Picacho Peak


By: Bob Sumner


(Private Trip)

Eight not-so-eager peak seekers met Saturday morning at 8:00 AM: Dan Richter, Devra Wasserman, Jim Brown, Maria Giles, Barbara Cohen, Jim Raiford, Lisa Sandsness, and Bob Sumner. The adventures began the night before. First, Jim B and Maria encountered a deep sand stretch on the "excellent graded" Picacho Rd. They spent two hours digging out their low-slung 2WD by hand, and arrived at the trailhead exhausted at 3:00 AM.

Meanwhile, Jim R and Barbara were puzzling over the latest peak guide instructions. They ended up in an orchard at 1:00 AM where Jim's battery died. They pushed the car for two hours trying to reverse their route, while at the same time being sprayed by very low flying crop dusters. They gave up and slept until 5:45 AM. Daylight revealed that they were in the middle of a lettuce field. While walking to some nearby houses to get help, a good samaritan came by, drove them back to the car, and jump-started it. They joined the group right on time.

The mosquito-infested trailhead motivated us to get going by 8:45 AM. However, Jim R decided to get his car out while he could. So the remaining seven of us hiked across a very warm desert floor (95+), up the semi-shady wash, and on up to the saddle west of the peak.

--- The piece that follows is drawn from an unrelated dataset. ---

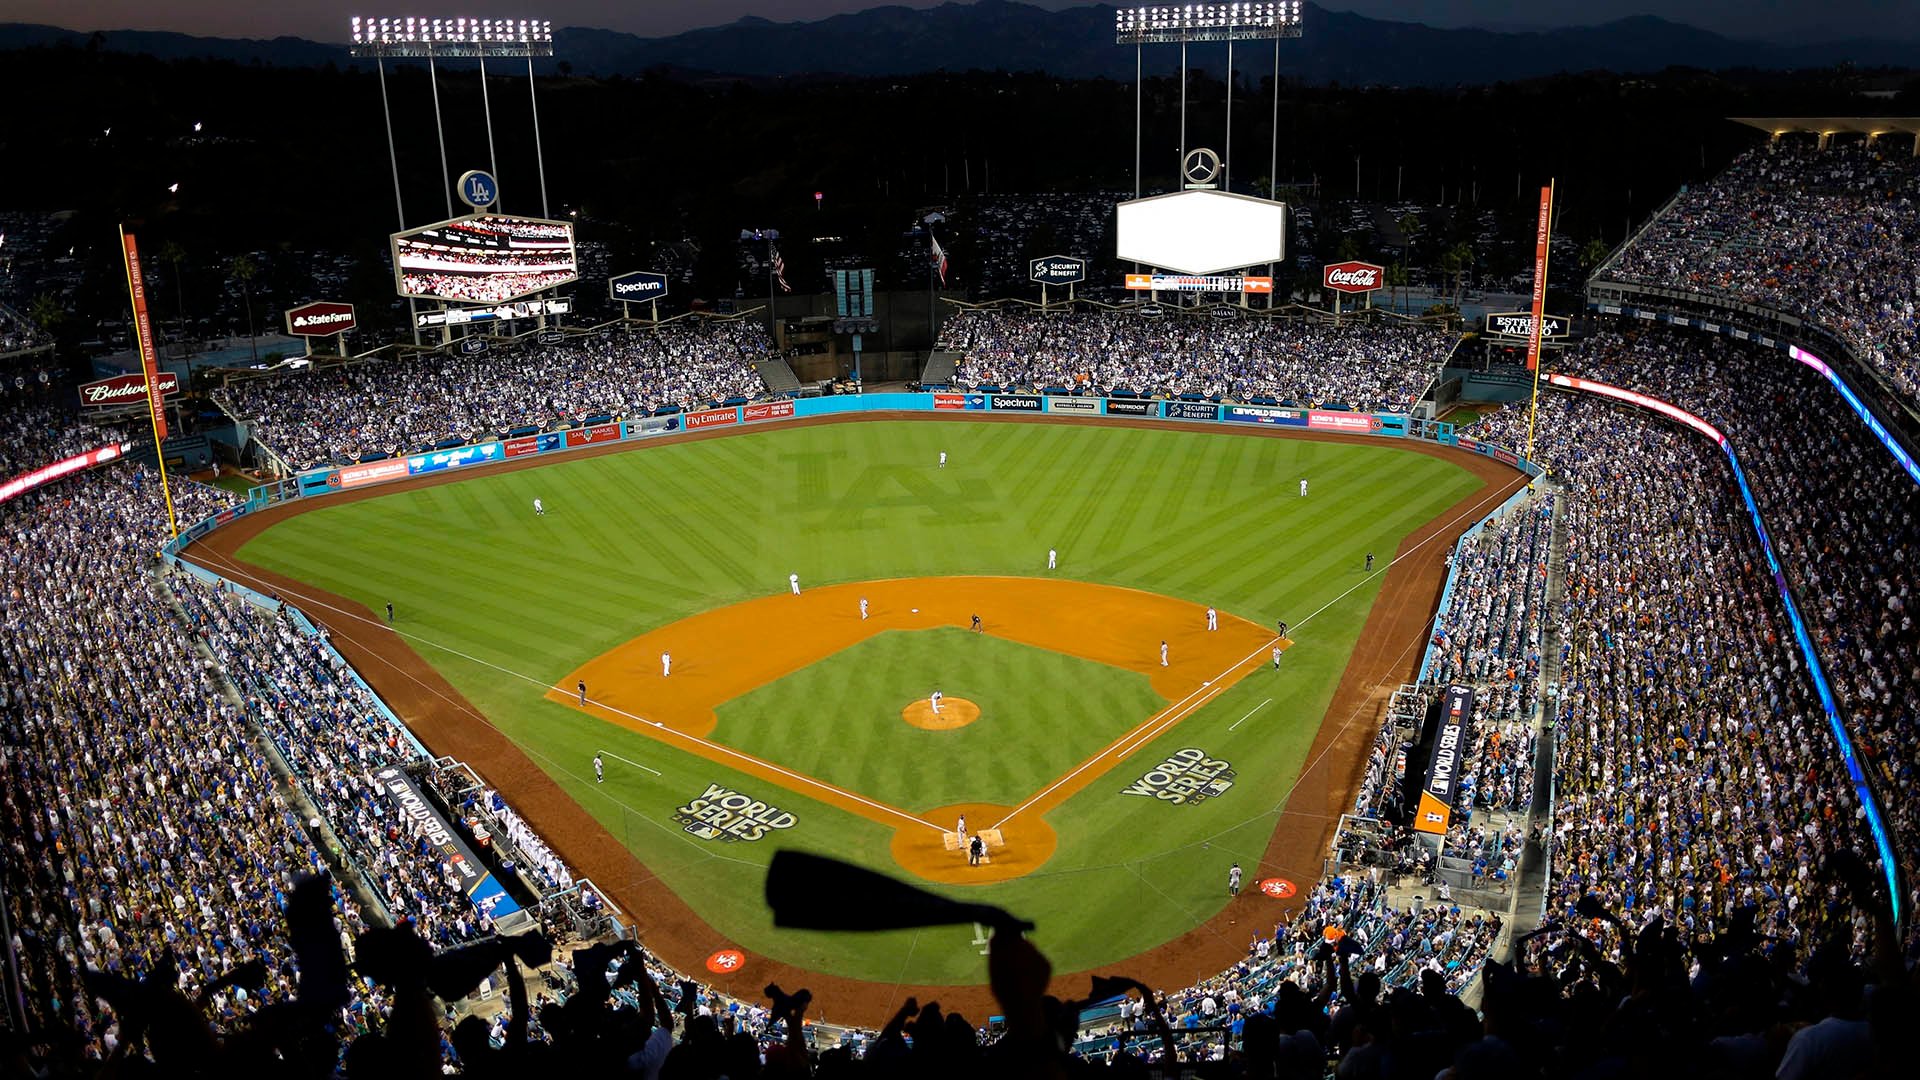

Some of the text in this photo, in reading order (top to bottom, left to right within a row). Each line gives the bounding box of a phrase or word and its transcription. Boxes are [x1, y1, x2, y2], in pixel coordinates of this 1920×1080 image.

Multitudes of orange butterflies and blooming ocotillos were enjoyed enroute.

The scramble up the chute went without incident, and soon we were at the notch. Here we donned harnesses and quickly proceeded to the first ladder. All took a belay on this flimsy but welcome aid. We set up a fixed line at the jump-across, and continued up to the second flimsy ladder, which we also belayed. The short exposed pitch to the false summit was easily mounted by all. Here we found a toilet containing a register. Some of us perched atop this porcelain throne and were photographed for posterity. The now summit-hungry group quickly rappelled off the false summit and scrambled up to the real one. We signed in and had a snack but didn't stay long: no shade here. We prussiked back up to the false summit, belayed the down climb, and rappelled past the ladders. Shouts of joy echoed off the walls as we returned to the notch.

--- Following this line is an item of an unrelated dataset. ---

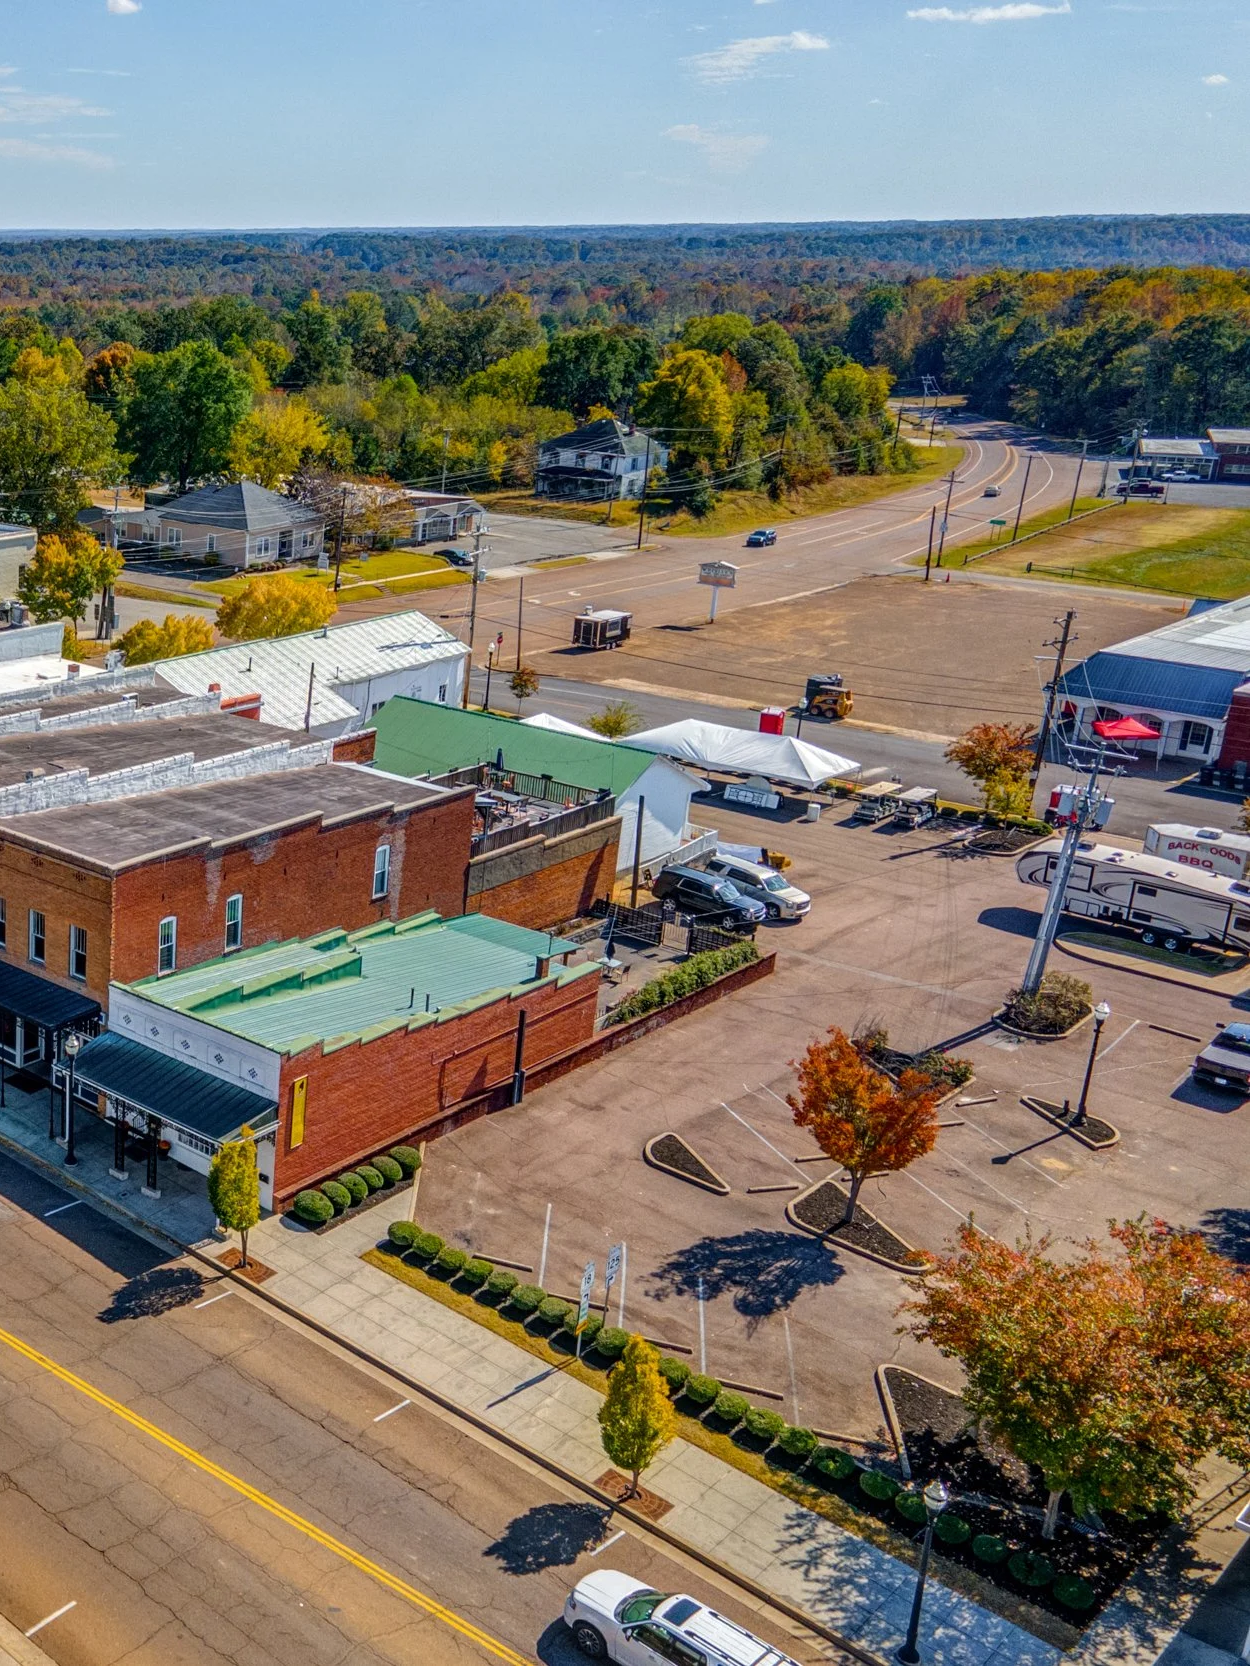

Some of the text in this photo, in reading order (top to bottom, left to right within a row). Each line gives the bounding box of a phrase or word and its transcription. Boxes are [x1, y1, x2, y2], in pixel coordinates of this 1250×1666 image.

[1178, 855, 1214, 869] BBQ
[607, 1255, 620, 1271] 125
[584, 1273, 592, 1286] 18

The shady north wall had provided welcome relief from the sun, but we warmed up again descending the chute. Here we had an unfortunate mishap. About 150 feet above the bottom of the chute, Devra stepped on a loose 2' by 3' boulder. Legs and boulder tangled, fell, and slid toward an 80' drop-off. They stopped, but the boulder landed hard on Devra's knee. Lisa quickly lifted it up so Devra could get out. No broken bones were detected, and she was able to walk out under her own power, albeit painfully.

The sun slid behind the peak as the heat-baked group hiked out. Everyone devoured cold drinks upon returning to the cars. The sand-strewn road didn't slow us as we now had a new objective: The Sizzler in Yuma. Our bellies quickly filled as we pondered the plan for the next day.

Sunday, Jim B, Maria, and Barbara opted for Indianhead, which they conquered in the now familiar 95+ heat. Dan, Lisa, and Bob hiked the cooler climes of Cuyamaca and Stonewall Pks, while Devra rested her swollen purple knee. Later examination revealed it to be a very badly bruised knee: no permanent damage. A memorable weekend that we won't soon forget.